Class II major histocompatibility complex (Ia) antigen-bearing dendritic cells within the iris and ciliary body of the rat eye: distribution, phenotype and relation to retinal microglia.

The density, distribution and surface phenotype of dendritic cells (DC) and macrophage populations within the ciliary body and iris of Wistar Furth rats were studied by a combination of flat mounting, tangential sectioning, pre-embedding fixation, with a single and double immunohistochemical techniques. Monoclonal antibodies included anti-Ia (OX6) and other dendritic cell/macrophage (ED1 and ED8) or mature tissue macrophage markers (ED2).
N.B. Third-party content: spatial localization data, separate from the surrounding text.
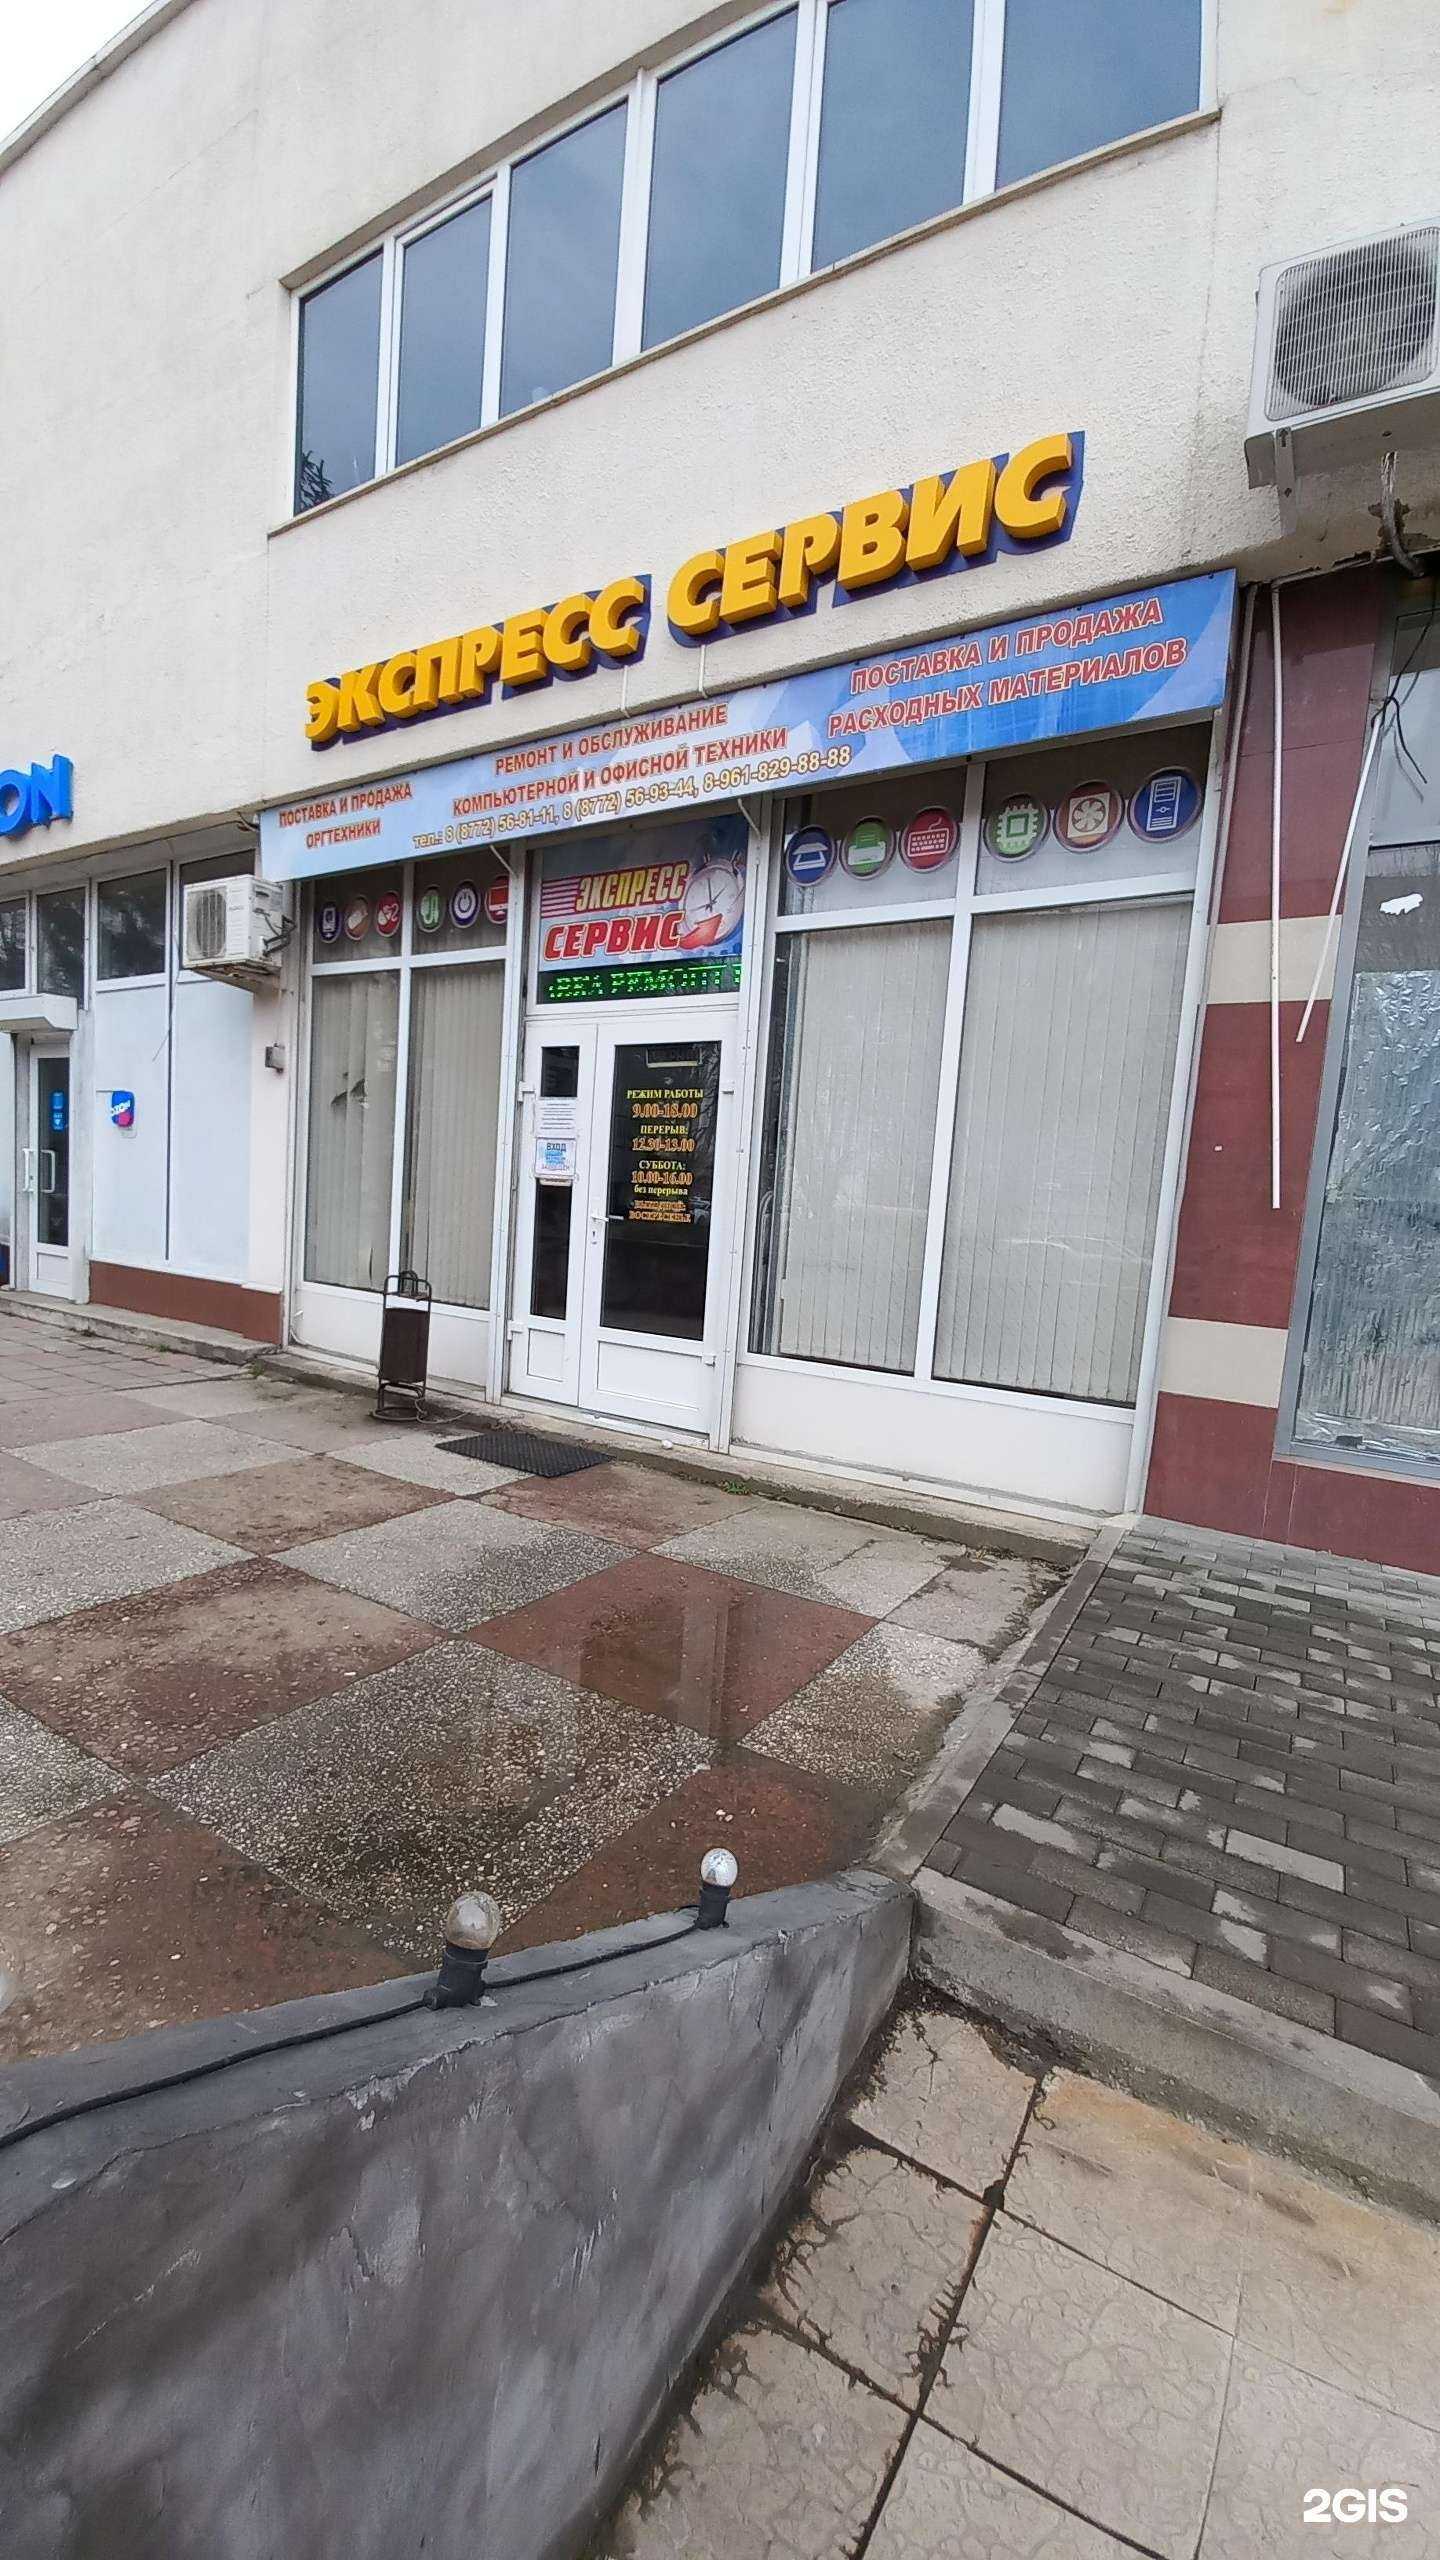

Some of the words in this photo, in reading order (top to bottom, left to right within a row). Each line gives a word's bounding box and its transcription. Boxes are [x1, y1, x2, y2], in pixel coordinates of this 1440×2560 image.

[305, 574, 650, 746] ЭКСПРЕСС
[667, 431, 1080, 640] СЕРВИС
[850, 641, 982, 695] ПОСТАВКА
[988, 634, 1009, 663] И
[1016, 598, 1163, 656] ПРОДАЖА
[827, 682, 984, 738] РАСХОДНЫХ
[988, 637, 1188, 706] МАТЕРИАЛОВ
[495, 745, 557, 776] РЕМОНТ
[563, 741, 574, 760] И
[579, 703, 729, 757] ОБСЛУЖИВАНИЕ
[444, 825, 454, 843] 8
[455, 818, 495, 844] (8772)
[498, 805, 560, 832] 56-81-11,
[563, 801, 573, 820] 8
[575, 791, 622, 824] (8772)
[625, 777, 698, 811] 56-93-44,
[702, 745, 852, 794] 8-961-829-88-88
[453, 770, 580, 816] КОМПЬЮТЕРНОЙ
[584, 768, 595, 789] И
[600, 743, 689, 786] ОФИСНОЙ
[696, 727, 789, 765] ТЕХНИКИ
[278, 804, 337, 828] ПОСТАВКА
[338, 799, 349, 815] И
[350, 781, 413, 811] ПРОДАЖА
[306, 819, 381, 849] ОРГТЕХНИКИ
[575, 862, 689, 912] ЭКСПРЕСС
[544, 911, 685, 961] СЕРВИС
[627, 1089, 662, 1099] РЕЖИМ
[664, 1088, 704, 1098] РАБОТЫ
[631, 1102, 698, 1118] 9.00-18.00
[640, 1124, 689, 1135] ПЕРЕРЫВ:
[638, 1160, 687, 1170] СУББОТА:
[634, 1184, 647, 1194] без
[648, 1186, 688, 1197] перерыва
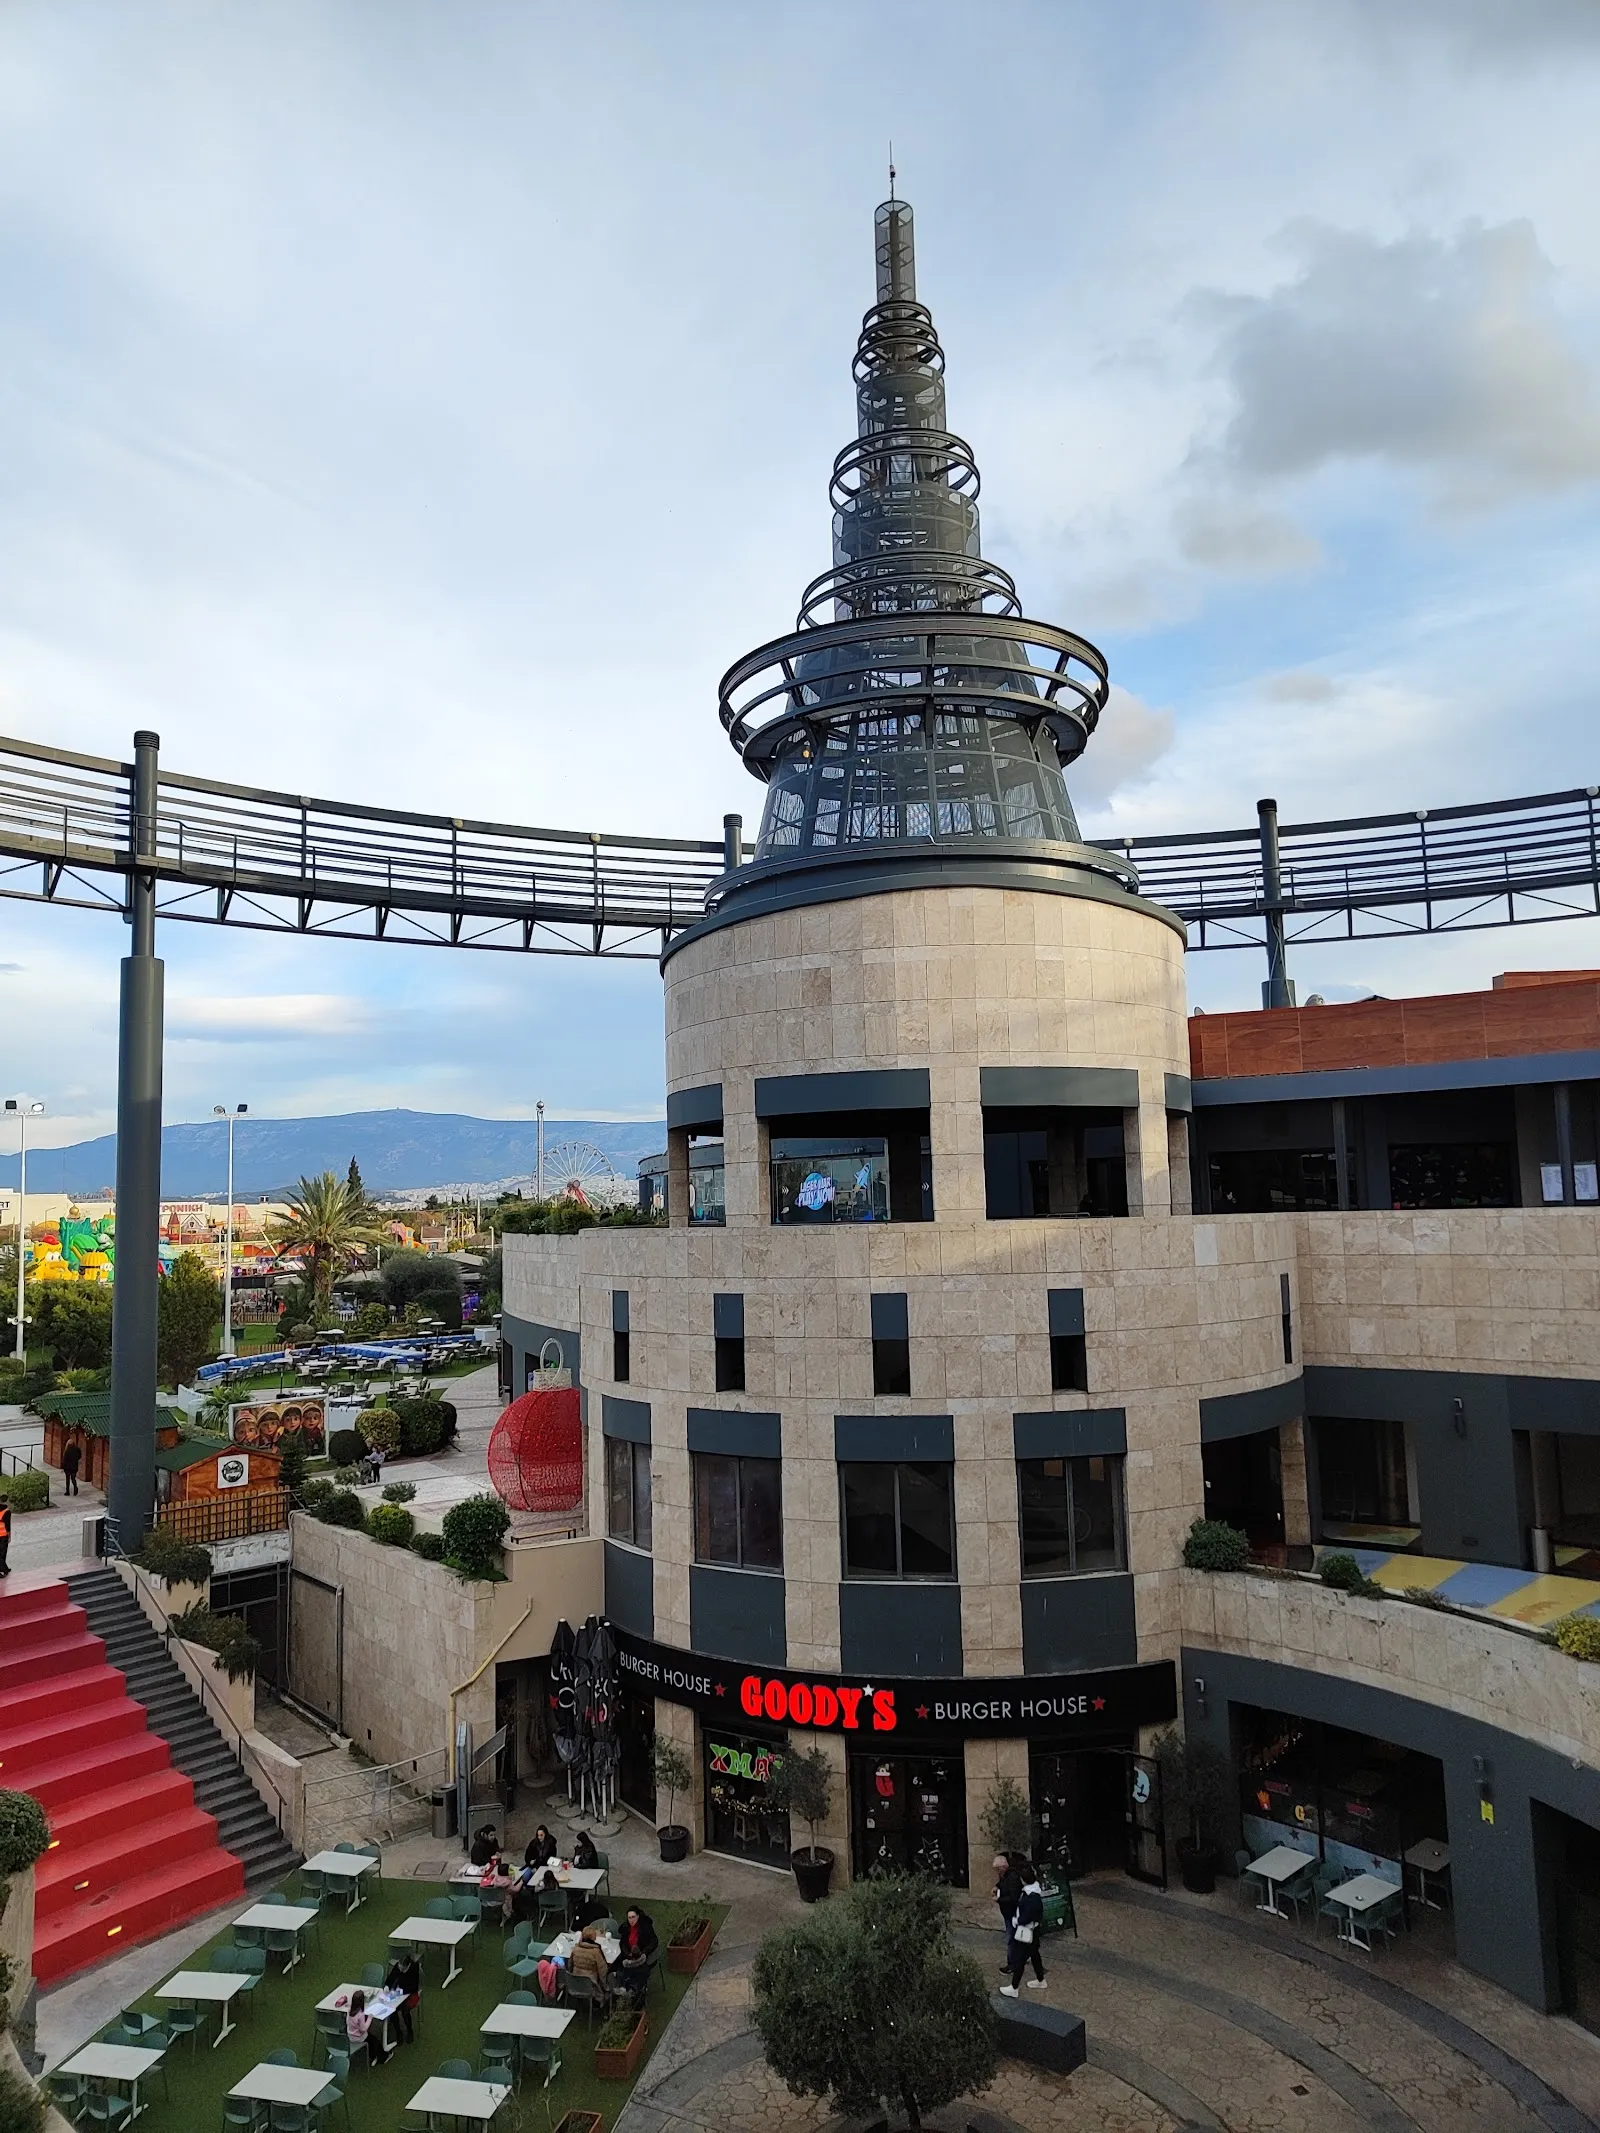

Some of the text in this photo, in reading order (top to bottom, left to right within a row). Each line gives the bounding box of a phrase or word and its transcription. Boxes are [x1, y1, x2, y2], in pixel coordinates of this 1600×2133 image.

[161, 1204, 203, 1213] ΡΟΝΙΚΗ
[619, 1651, 711, 1696] BURGER HOUSE
[935, 1695, 1088, 1720] BURGER HOUSE
[710, 1743, 780, 1783] XMA
Single and double staining revealed a network (approximately 400 cells/mm2) of Ia+ cells within the epithelium of the ciliary processes with the morphological and surface phenotypic characteristics of DC populations in other tissues. A minor proportion of DC co-expressed ED1 and ED8, but not ED2. In contrast the immunopositive cells in the lamina propria displayed a more generalized phenotype, including ED2 expression, and pleiomorphic morphology suggesting a preponderance of cells of macrophage lineage. Flat mounts of iris revealed a remarkably regular network of Ia+ DC at a density of 450 cells/mm2. The network of DC in the ciliary epithelium terminated at the cilioretinal junction where they formed a continuous syncytium with retinal microglia which did not display Ia staining. The demonstration of networks of cells with relevant morphological and phenotypical properties of professional antigen-presenting cells at strategic locations within the eye has important implications in relation to ocular immune regulation and on the theories of the mechanism of anterior chamber-associated immune deviation (ACAID). Namely, until now it has been assumed that 'immune privilege' in the anterior chamber of the eye is partly a consequence of there being a paucity of class II+ cells in the surrounding tissues. Dendritic cells in the eye may function as antigen-presenting cells, sampling endogenous and exogenous intraocular antigens and possibly migrating from the eye to draining lymphoid organs (the spleen) where they may generate systemic immune responses. Equally dendritic cells could potentially regulate local immune responses for example in various forms of autoimmune uveoretinal inflammatory disease.